About this task:
In your copy, leave out the pictures and reproduce the listing below exactly.

--- --- ---

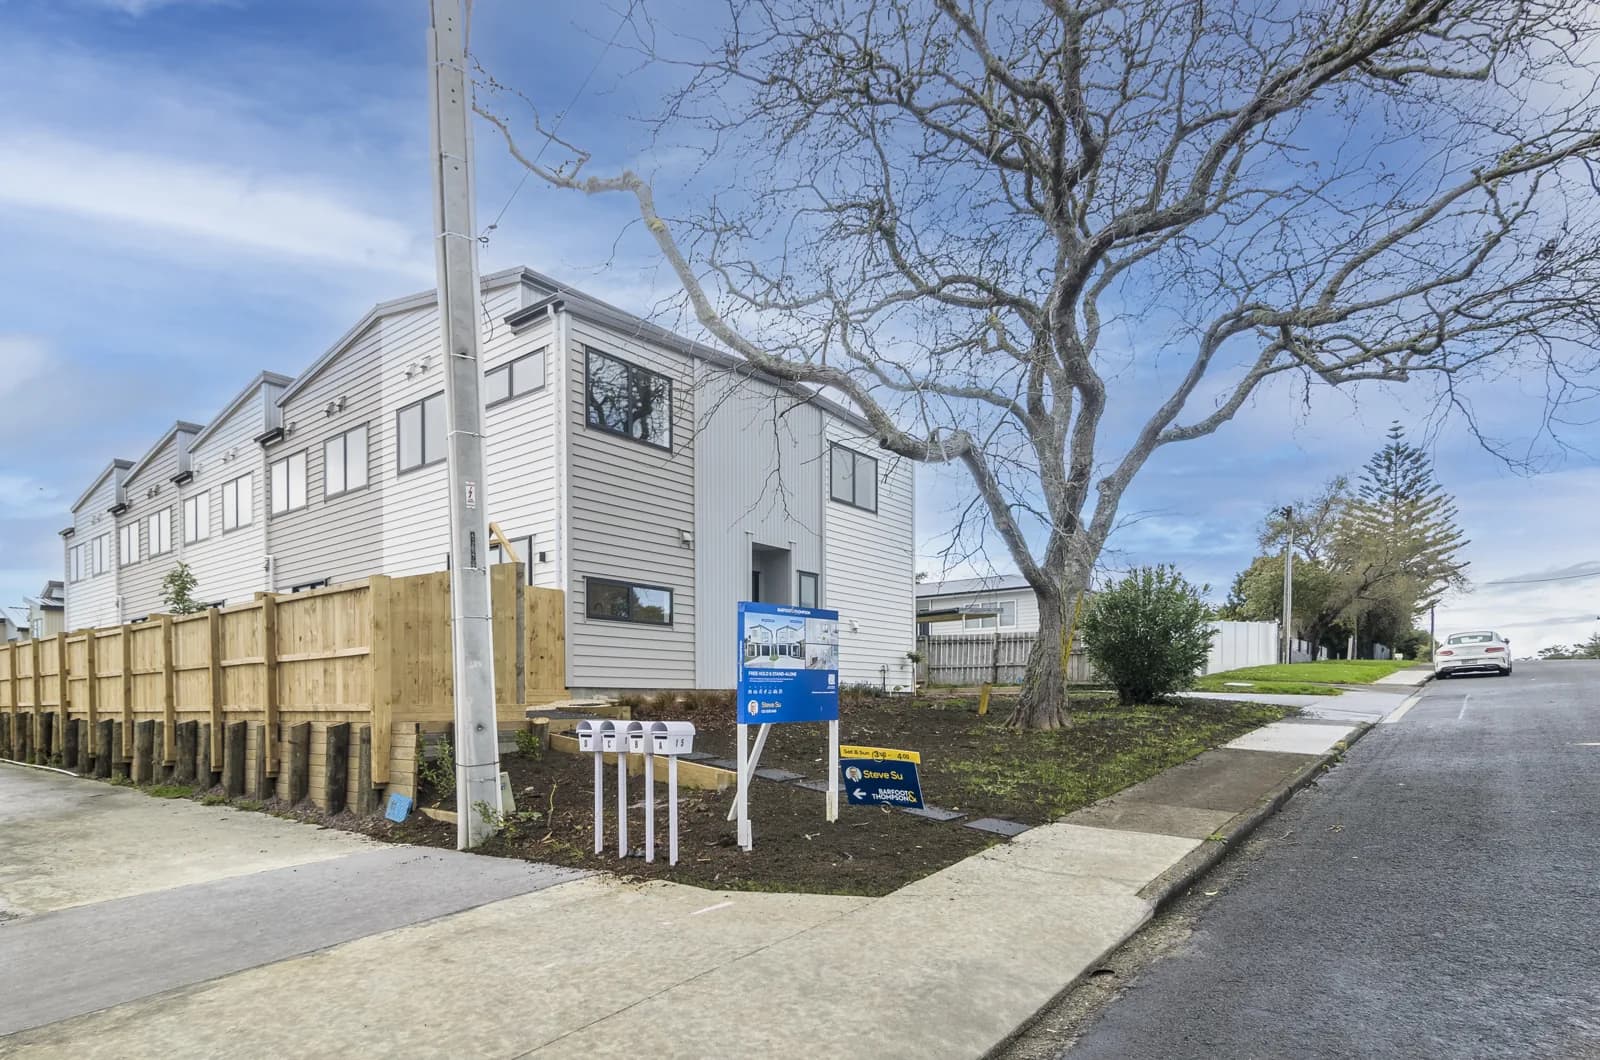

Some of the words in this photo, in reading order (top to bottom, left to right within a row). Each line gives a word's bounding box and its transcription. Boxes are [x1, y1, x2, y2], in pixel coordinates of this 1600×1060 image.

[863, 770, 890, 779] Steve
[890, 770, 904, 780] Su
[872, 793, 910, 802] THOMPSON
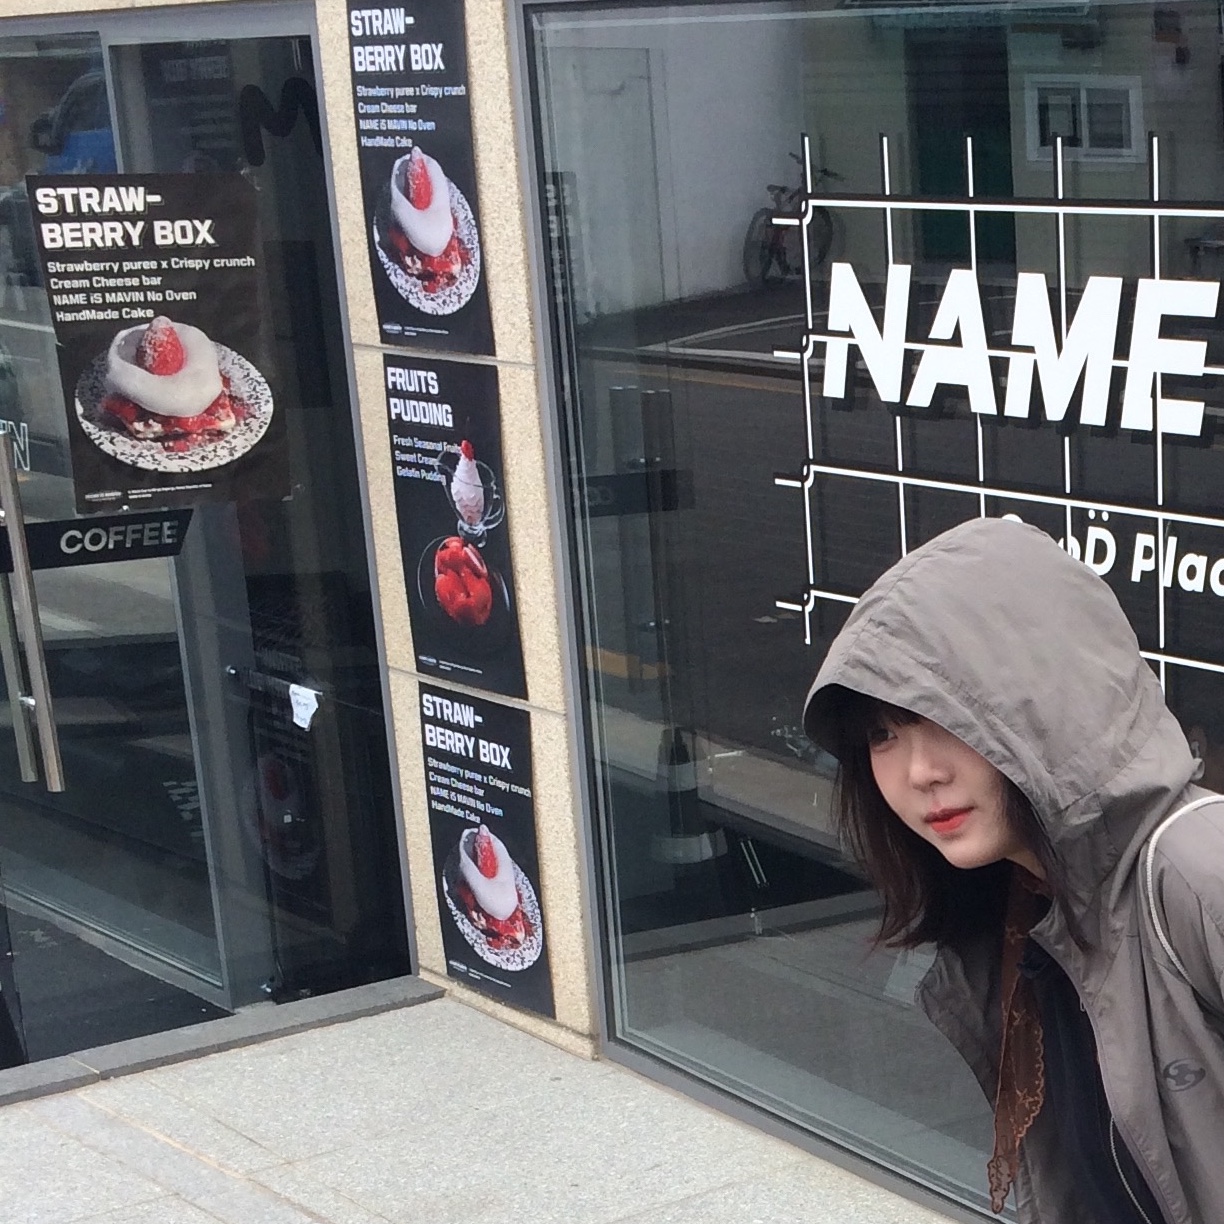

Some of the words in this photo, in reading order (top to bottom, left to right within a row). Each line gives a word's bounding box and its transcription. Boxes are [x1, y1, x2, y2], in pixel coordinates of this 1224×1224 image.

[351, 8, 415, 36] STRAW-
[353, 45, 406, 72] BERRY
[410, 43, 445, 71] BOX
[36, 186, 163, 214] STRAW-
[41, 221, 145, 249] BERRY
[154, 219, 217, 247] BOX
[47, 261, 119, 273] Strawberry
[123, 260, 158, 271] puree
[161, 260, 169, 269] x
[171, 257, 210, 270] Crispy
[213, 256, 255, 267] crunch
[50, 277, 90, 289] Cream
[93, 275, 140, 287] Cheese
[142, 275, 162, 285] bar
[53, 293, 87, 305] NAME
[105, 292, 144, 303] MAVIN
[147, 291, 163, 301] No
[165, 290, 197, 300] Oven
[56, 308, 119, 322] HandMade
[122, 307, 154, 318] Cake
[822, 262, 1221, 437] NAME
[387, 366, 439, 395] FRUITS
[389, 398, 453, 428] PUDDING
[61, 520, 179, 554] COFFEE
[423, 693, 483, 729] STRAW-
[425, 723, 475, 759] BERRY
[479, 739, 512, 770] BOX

--- --- ---

Output below:
Some of the words in this photo, in reading order (top to bottom, left to right within a row). Each line gives a word's bounding box and its transcription. Boxes are [x1, y1, x2, y2], in pixel coordinates of this 1600×1060 image.

[863, 770, 890, 779] Steve
[890, 770, 904, 780] Su
[872, 793, 910, 802] THOMPSON

Some of the words in this photo, in reading order (top to bottom, left to right within a row). Each line gives a word's bounding box and its transcription. Boxes are [x1, y1, x2, y2], in pixel coordinates of this 1224×1224 image.

[351, 8, 415, 36] STRAW-
[353, 45, 406, 72] BERRY
[410, 43, 445, 71] BOX
[36, 186, 163, 214] STRAW-
[41, 221, 145, 249] BERRY
[154, 219, 217, 247] BOX
[47, 261, 119, 273] Strawberry
[123, 260, 158, 271] puree
[161, 260, 169, 269] x
[171, 257, 210, 270] Crispy
[213, 256, 255, 267] crunch
[50, 277, 90, 289] Cream
[93, 275, 140, 287] Cheese
[142, 275, 162, 285] bar
[53, 293, 87, 305] NAME
[105, 292, 144, 303] MAVIN
[147, 291, 163, 301] No
[165, 290, 197, 300] Oven
[56, 308, 119, 322] HandMade
[122, 307, 154, 318] Cake
[822, 262, 1221, 437] NAME
[387, 366, 439, 395] FRUITS
[389, 398, 453, 428] PUDDING
[61, 520, 179, 554] COFFEE
[423, 693, 483, 729] STRAW-
[425, 723, 475, 759] BERRY
[479, 739, 512, 770] BOX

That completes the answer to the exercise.